WHAT TO PRODUCE:
Starting with the line that contains "this 1600×1067 image.", copy out each line through the end of the entries below, exactly as written, and nothing else.

━━━━

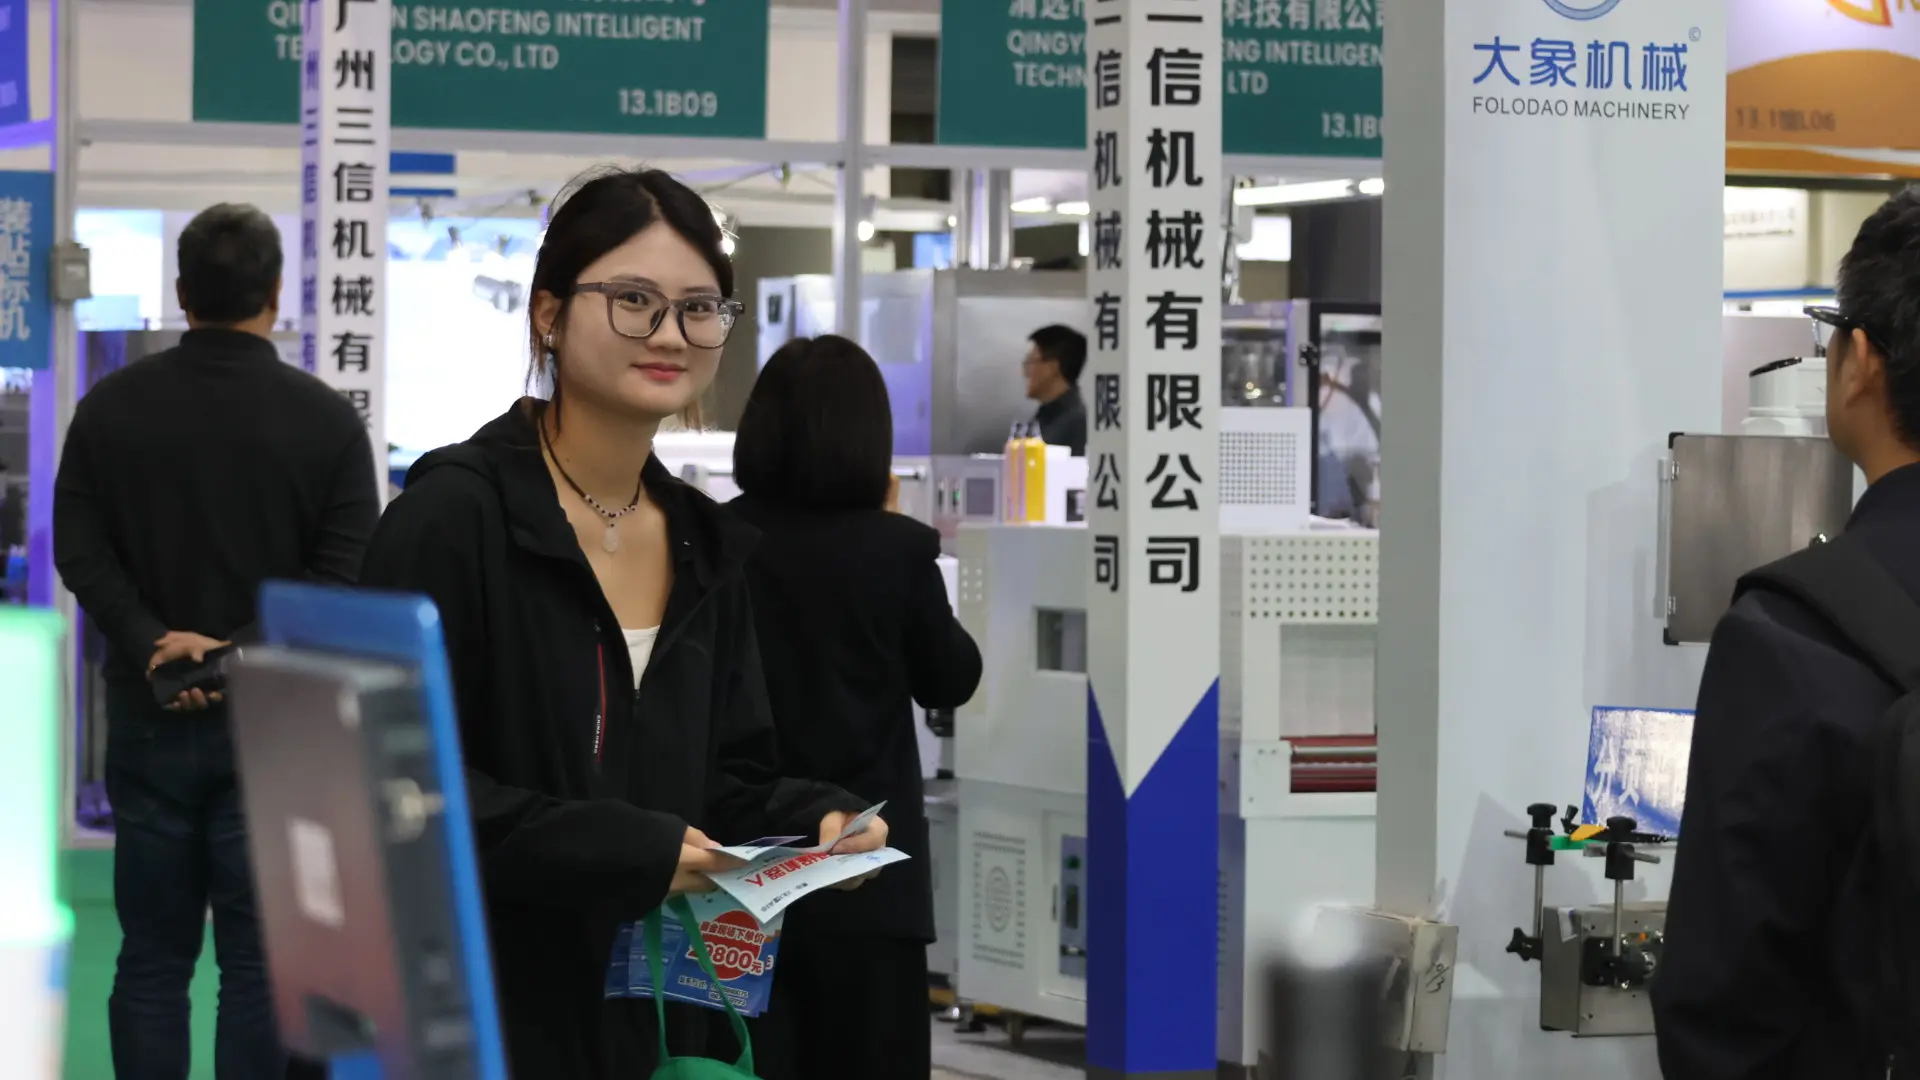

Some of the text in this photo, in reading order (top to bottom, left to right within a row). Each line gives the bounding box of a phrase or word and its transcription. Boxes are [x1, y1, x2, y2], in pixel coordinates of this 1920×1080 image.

[412, 6, 551, 36] SHAOFENG
[555, 13, 706, 41] INTELLIGENT
[454, 41, 509, 70] CO.,
[512, 44, 560, 70] LTD
[1007, 29, 1086, 57] QINGY
[1265, 40, 1384, 67] INTELLIGEN
[1013, 62, 1087, 88] TECHN
[1473, 37, 1688, 92] 大象机械
[1227, 70, 1268, 95] LTD
[617, 88, 719, 117] 13.1B09
[1473, 97, 1690, 121] FOLODAO MACHINERY
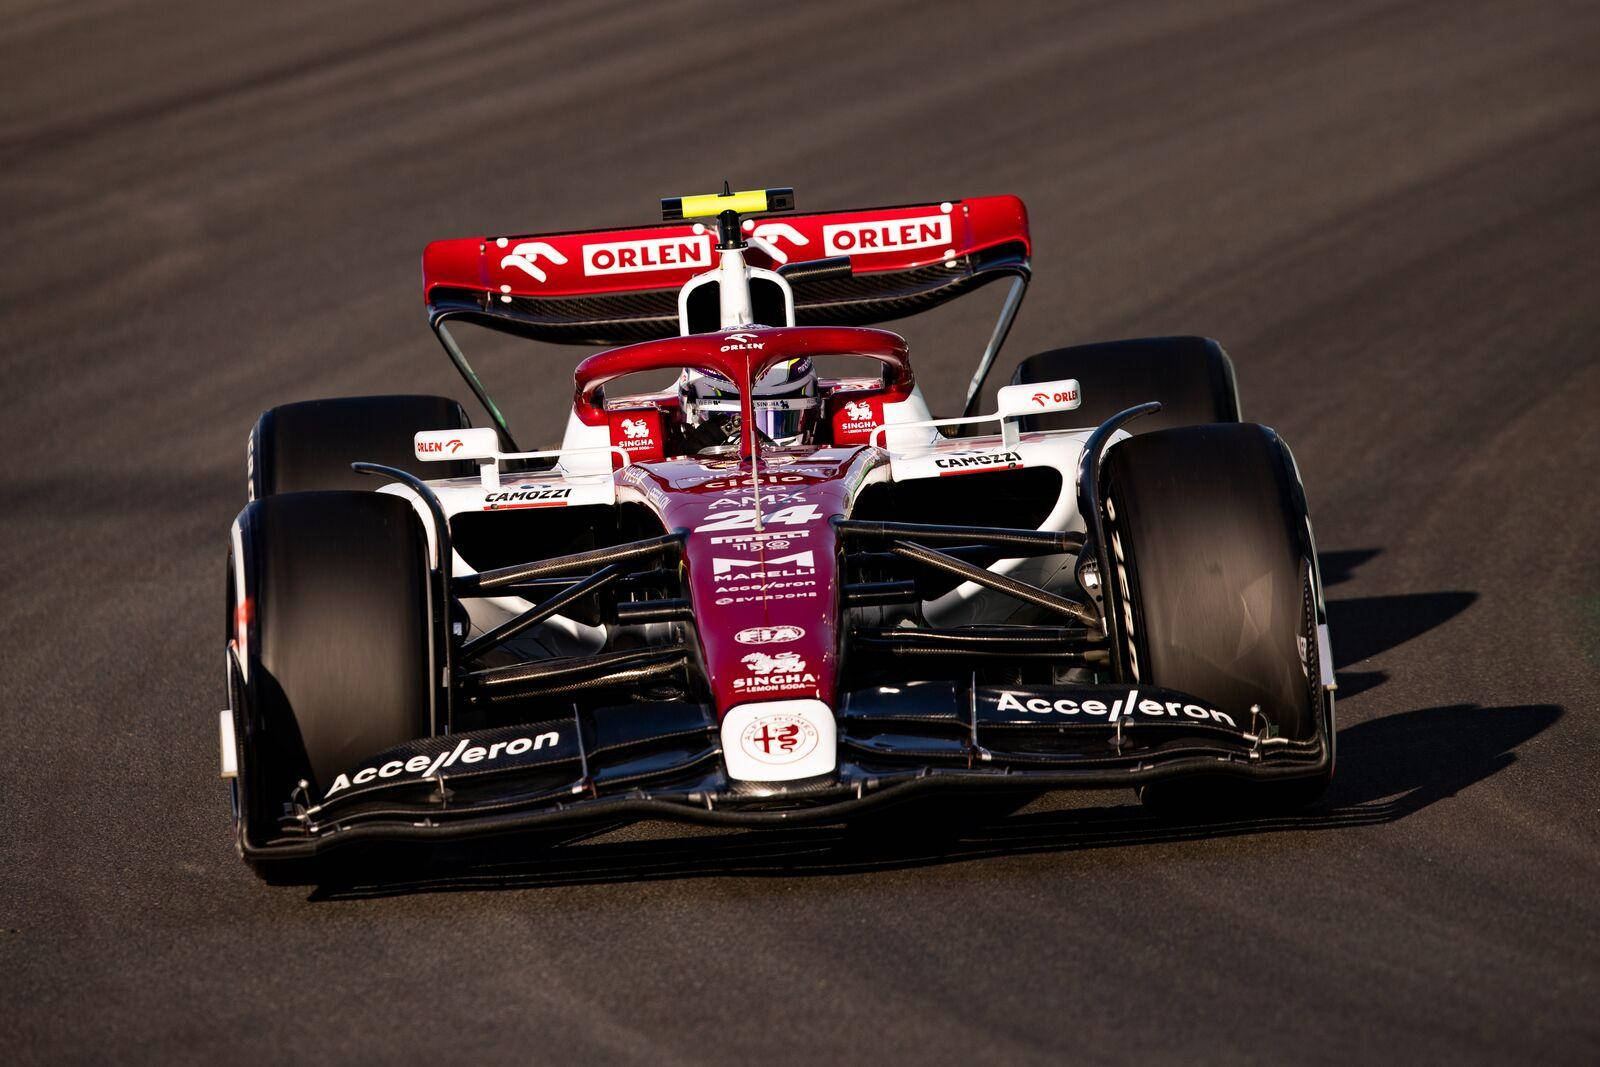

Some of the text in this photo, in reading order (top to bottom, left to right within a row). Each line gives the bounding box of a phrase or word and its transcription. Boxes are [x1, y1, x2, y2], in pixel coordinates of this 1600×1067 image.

[832, 221, 943, 250] ORLEN
[591, 241, 702, 268] ORLEN
[720, 342, 766, 353] ORLEN
[841, 421, 877, 430] SINGHA
[618, 438, 654, 448] SINGHA
[934, 451, 1023, 468] CAMOZZI
[484, 488, 573, 503] CAMOZZI
[708, 491, 807, 507] AMX
[693, 503, 824, 534] 24
[713, 567, 816, 582] MARELLI
[738, 626, 799, 643] FIA
[732, 673, 817, 689] SINGHA
[746, 683, 806, 693] LEMON SODA
[996, 689, 1238, 728] Accelleron
[323, 731, 560, 800] Accelleron

━━━━

SOLUTION FOR THIS TASK:
Some of the text in this photo, in reading order (top to bottom, left to right within a row). Each line gives the bounding box of a phrase or word and its transcription. Boxes are [x1, y1, x2, y2], in pixel coordinates of this 1600×1067 image.

[832, 221, 943, 250] ORLEN
[591, 241, 702, 268] ORLEN
[720, 342, 766, 353] ORLEN
[841, 421, 877, 430] SINGHA
[618, 438, 654, 448] SINGHA
[934, 451, 1023, 468] CAMOZZI
[484, 488, 573, 503] CAMOZZI
[708, 491, 807, 507] AMX
[693, 503, 824, 534] 24
[713, 567, 816, 582] MARELLI
[738, 626, 799, 643] FIA
[732, 673, 817, 689] SINGHA
[746, 683, 806, 693] LEMON SODA
[996, 689, 1238, 728] Accelleron
[323, 731, 560, 800] Accelleron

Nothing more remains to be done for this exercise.